On Monday, researchers at the annual scientific conference of the American Heart Association presented detailed findings from the torcetrapib trial, called Illuminate. Scientists said that they left the door at least slightly open to similar drugs in development from Merck and Roche, which are called CETP inhibitors. But the drugs, which they said would need to be developed cautiously and slowly, may be years away -- if they do not fail first.

''I think we're going to see cautious development of CETP inhibitors,'' said Dr. B. Greg Brown, professor of medicine and cardiology at the University of Washington, who has consulted for all the companies.

The stakes are high in the race to develop a drug for raising good cholesterol. Pfizer spent more than $800 million developing torcetrapib, and its research chief announced his early retirement a few months after the drug failed.

Drugs to raise levels of good cholesterol are among the last great untapped territories in the pharmaceutical industry. Heart disease is the biggest killer in the United States and Europe, and statins like Lipitor, which lower so-called bad cholesterol, are the biggest drug class worldwide, with $35 billion in annual sales. Drugs to raise good cholesterol could be just as popular, scientists and Wall Street analysts say.

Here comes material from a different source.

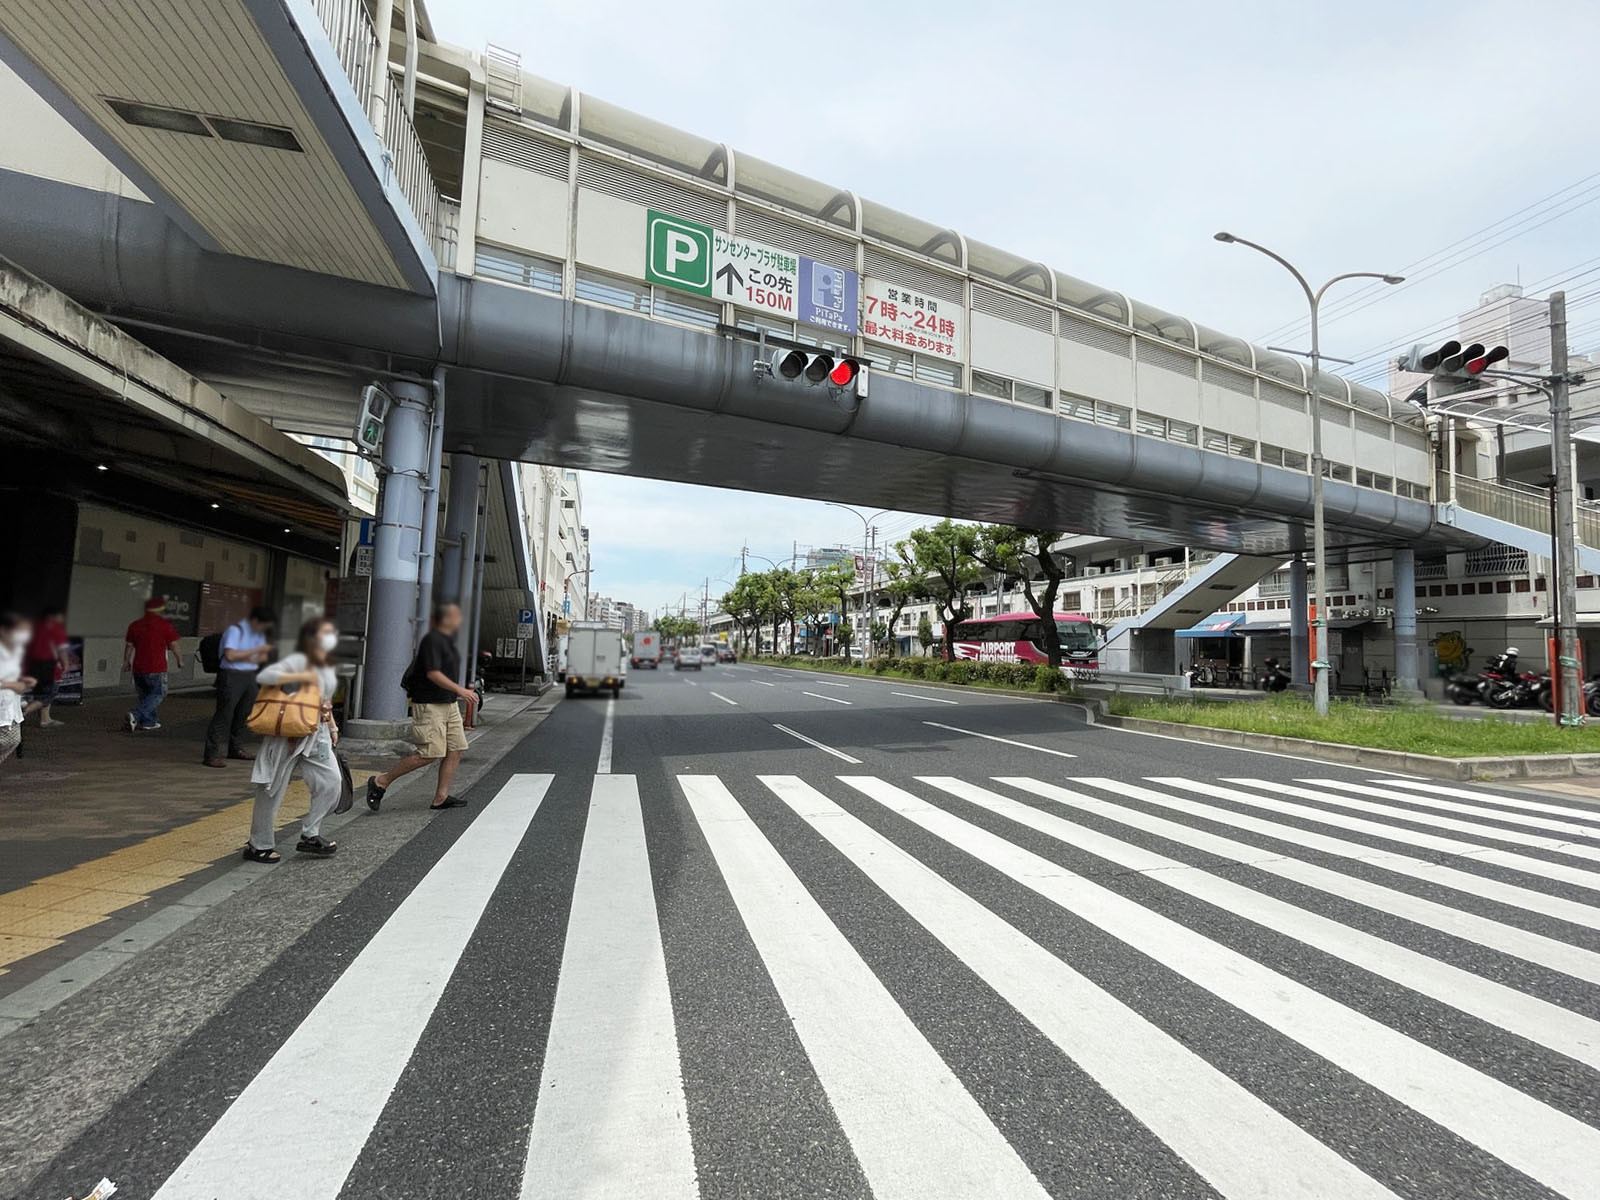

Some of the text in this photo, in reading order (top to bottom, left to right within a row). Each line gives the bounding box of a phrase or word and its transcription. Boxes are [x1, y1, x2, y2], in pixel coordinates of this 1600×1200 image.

Merck and Roche have not disclosed whether they intend to begin large Phase 3 trials for their CETP inhibitors. Such trials, necessary for seeking federal approval for drugs, would need to enroll 10,000 patients or more and require several years and cost at least $100 million.

Findings from the torcetrapib trial, also published in The New England Journal of Medicine, showed that the drug substantially raised good cholesterol and lowered bad cholesterol, as scientists had hoped. But it caused a sizable increase in blood pressure, a major negative effect for patients with heart disease. The effect was substantially more severe than seen in earlier-stage trials of torcetrapib and more than enough to outweigh the drug's beneficial effects on cholesterol.

The drugs from Merck and Roche have not raised blood pressure in clinical trials so far.

The problems with torcetrapib appear to be related at least in part to specific problems with the torcetrapib molecule, which the other treatments do not have, said Dr. Steven Nissen, chairman of cardiovascular medicine at the Cleveland Clinic.

Dr. Nissen was the lead investigator on a smaller clinical trial of torcetrapib. Blood tests showed that patients treated with it had an increased level of aldosterone, a hormone that regulates sodium and potassium in the blood and can affect blood pressure.

''The two trials together seem to tell us that torcetrapib had an off-target effect,'' Dr. Nissen said, referring to a negative side effect.

But the large torcetrapib trial also raised other red flags about the class of drugs in general so Merck and Roche will probably need to proceed cautiously with development. Besides having more heart problems, patients taking torcetrapib were more likely to die of cancer and infection than those on a placebo. In all, 93 patients taking torcetrapib died, compared with 59 who took a placebo.